I'm surprised Martin Martin's On The Other Side got shortlisted for a Clarke Award. To be sure, it brings a unique narrative voice to the dystopian future canon. But it's also derivative and muddled. Spoilers!
In Martin Martin's On The Other Side by Mark Wernham, it's about 40 years from now, and everything has gone dystopian disco. It's like a mash-up of 1984 and Brave New World, as if Orwell's and Huxley's dueling visions have finally merged: the government keeps everyone under ubiquitous surveillance and crushes human potential - but there's also lots of great sex and drugs. Instead of Starbucks, there's a chain of coffee shops called Starfucks, where sex and drugs are readily available along with your coffee.
If that sounds a bit idiotic, well... that's sort of the point. It's an idiotic future, and we're invited into it by an idiotic narrator, Jensen Interceptor.
Jensen is a low-level government stooge, who loves monster trucks and big-screen televisions, and Porn Disco and taking bizarre drugs of all types so he can have orgies at Starfucks. Until one day, he stumbles on a group of Martin Martinists, the followers of an obscure television psychic who died in 2008. He goes off to investigate and infiltrate this scruffy group of radicals and "lezzies," but then he starts seeing the mysterious Martin Martin himself.

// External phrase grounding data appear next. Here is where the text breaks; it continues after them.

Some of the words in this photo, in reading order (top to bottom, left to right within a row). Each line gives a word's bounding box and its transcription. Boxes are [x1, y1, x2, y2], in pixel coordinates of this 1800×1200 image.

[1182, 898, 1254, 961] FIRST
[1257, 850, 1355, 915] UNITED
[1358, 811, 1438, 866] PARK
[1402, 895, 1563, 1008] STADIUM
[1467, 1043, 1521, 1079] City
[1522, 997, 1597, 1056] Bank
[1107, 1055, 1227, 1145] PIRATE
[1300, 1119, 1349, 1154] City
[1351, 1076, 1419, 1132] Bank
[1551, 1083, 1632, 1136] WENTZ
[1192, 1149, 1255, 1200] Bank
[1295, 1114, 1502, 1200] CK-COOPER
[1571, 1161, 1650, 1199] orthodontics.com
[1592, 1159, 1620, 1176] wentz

As the book goes on, we start to question whether Jensen Interceptor actually is Martin Martin, who also may be a guy named Emile who died in World War II. In a kind of Scanner Darkly riff, Jensen becomes both the investigator and the subject of the investigation, and reality starts to blur with fantasy. Soon, we're not really sure what's real and whether Jensen is just a dream that Martin Martin is having as he hovers near death, or vice versa.

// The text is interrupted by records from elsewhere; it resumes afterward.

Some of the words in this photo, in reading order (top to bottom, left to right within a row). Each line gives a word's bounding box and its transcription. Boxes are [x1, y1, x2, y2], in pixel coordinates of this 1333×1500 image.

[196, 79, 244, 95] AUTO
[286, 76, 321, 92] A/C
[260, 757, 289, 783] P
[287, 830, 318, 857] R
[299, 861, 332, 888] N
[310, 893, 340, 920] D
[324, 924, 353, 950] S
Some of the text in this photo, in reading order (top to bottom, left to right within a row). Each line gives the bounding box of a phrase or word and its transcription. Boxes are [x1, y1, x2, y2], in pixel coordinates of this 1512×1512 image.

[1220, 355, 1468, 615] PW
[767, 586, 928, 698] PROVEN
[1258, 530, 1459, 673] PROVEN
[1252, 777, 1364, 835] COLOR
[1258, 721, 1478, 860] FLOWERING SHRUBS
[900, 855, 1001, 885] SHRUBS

The other work that Martin Martin owes an obvious debt to is Terry Gilliam's Brazil - Jensen Interceptor is like a much more idiotic version of Sam Lowry, sent out to bedevil poor honest people in the name of a fumbling bureaucracy. Like Lowry, he tries to navigate and justify the ways of a state that owns him and erases people close to him, in the name of fighting mostly fictitious terrorists. And like Lowry, he winds up getting weird lectures about the nature of the state and the need to keep order in the face of encroaching craziness. He also falls in love with a beautiful seemingly-innocent woman in the course of his investigations, and has weird problems with the plumbing in his apartment, leading to a kind of sewage disaster.

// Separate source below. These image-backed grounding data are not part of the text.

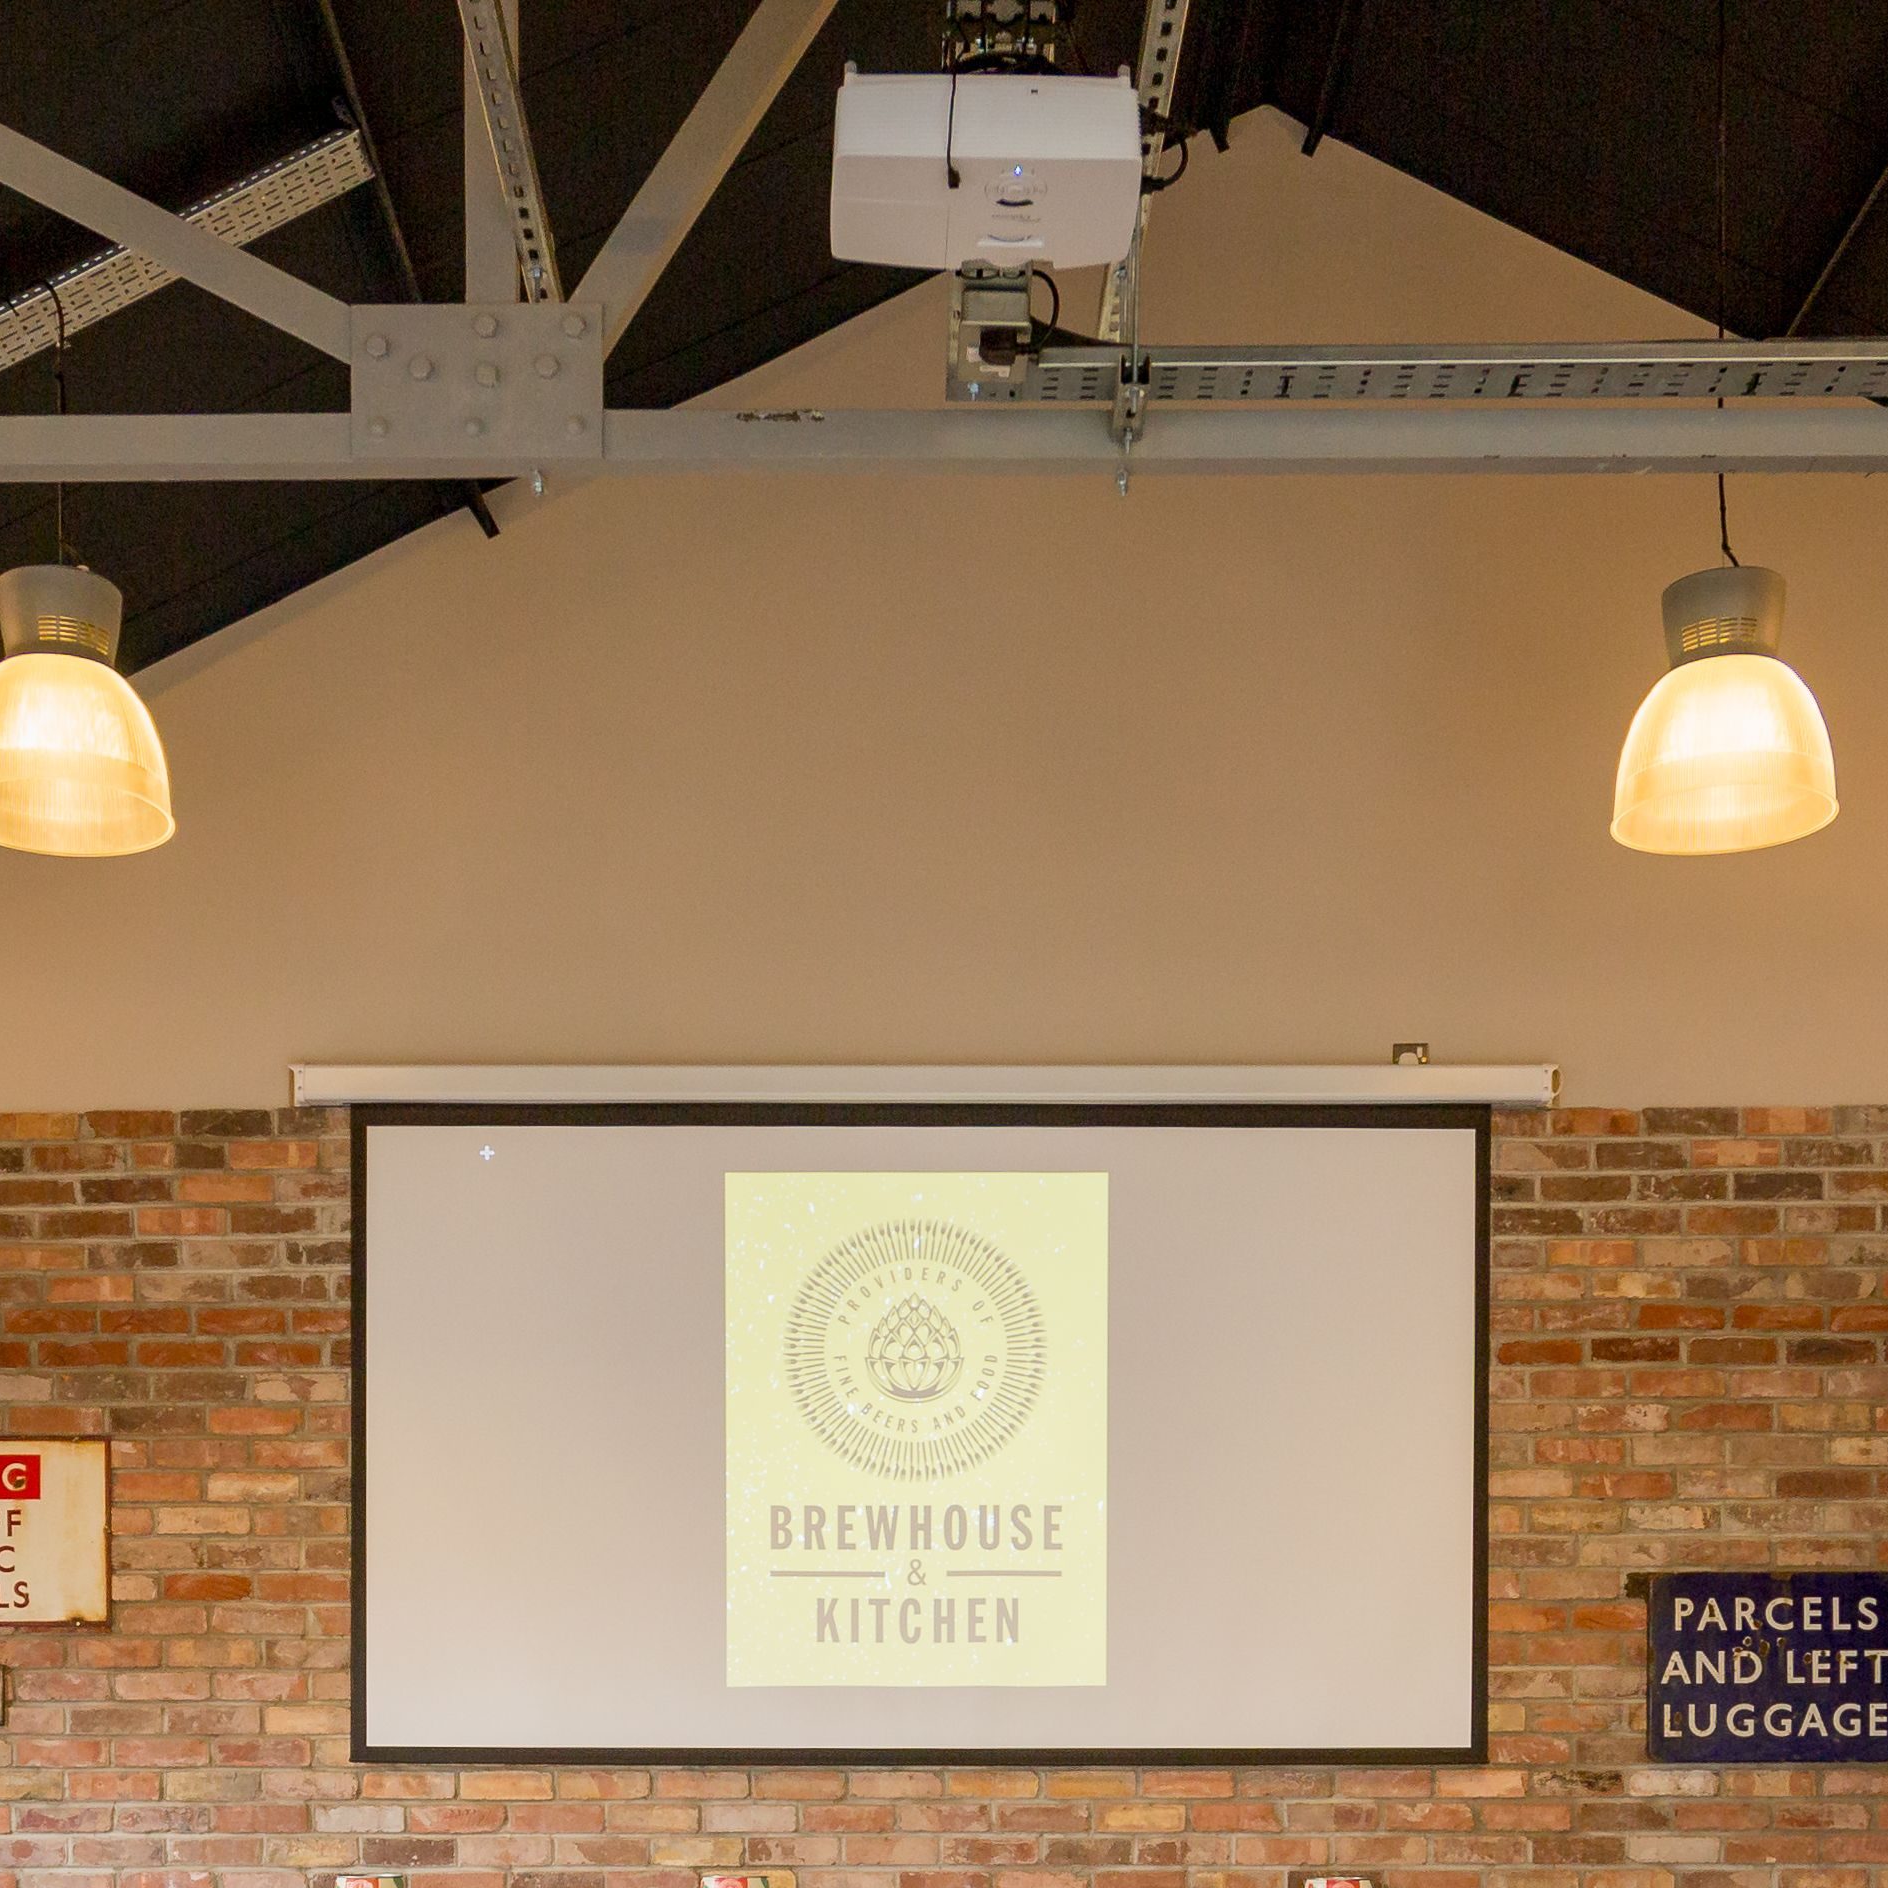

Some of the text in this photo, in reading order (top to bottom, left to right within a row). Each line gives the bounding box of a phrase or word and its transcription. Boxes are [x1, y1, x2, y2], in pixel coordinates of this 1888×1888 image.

[837, 1266, 994, 1326] PROVIDERS OF
[833, 1354, 998, 1433] FINE BEERS AND FOOD
[770, 1504, 1063, 1550] BREWHOUSE
[907, 1559, 927, 1586] &
[816, 1598, 1019, 1643] KITCHEN
[1674, 1597, 1879, 1631] PARCELS
[1661, 1649, 1763, 1684] AND
[1663, 1703, 1888, 1738] LUGGAGE

If Martin Martin's On The Other Side is sounding a bit derivative... that's not entirely misleading. It does have great moments of brilliance, however. For one thing, I really like the idea that a television psychic who actually starts to demonstrate psychic powers would pose the biggest threat to a repressive government - because Martin Martin can see the truth about the world, including who's guilty and who's lying, he has the capacity to blow the lid off all of society's secrets. And it turns out the surveillance state is built as much on protecting secrets as it is on discovering what people have to hide.
Also, the other thing I really loved about Martin Martin was its narrative voice. At first blush, Jensen is just another moron speaking in future dialect, with lots of references to random drugs called things like "boris," and phrases like "spank pad." It's got that thing that a lot of first-person narrators have, where the reader is frequently way ahead of the main character - especially when he's just done a fistful of drugs and is trying to be smart. And yet, the narrator also has moments of incredible lyricism. He turns out to have a gift for empathy that rivals Martin Martin's gift for clairvoyance. He'll meet random characters and spend a page or two imagining what it must be like to be them - at one point, he's eating some eels that a homeless person has roasted, and he's picturing what it must be like to be an eel, swimming in river mud and minding your own business, until someone grabs you out and nails you to a board, then skins you alive. It's a weird trait for a government enforcer to have, this awareness of the suffering of others.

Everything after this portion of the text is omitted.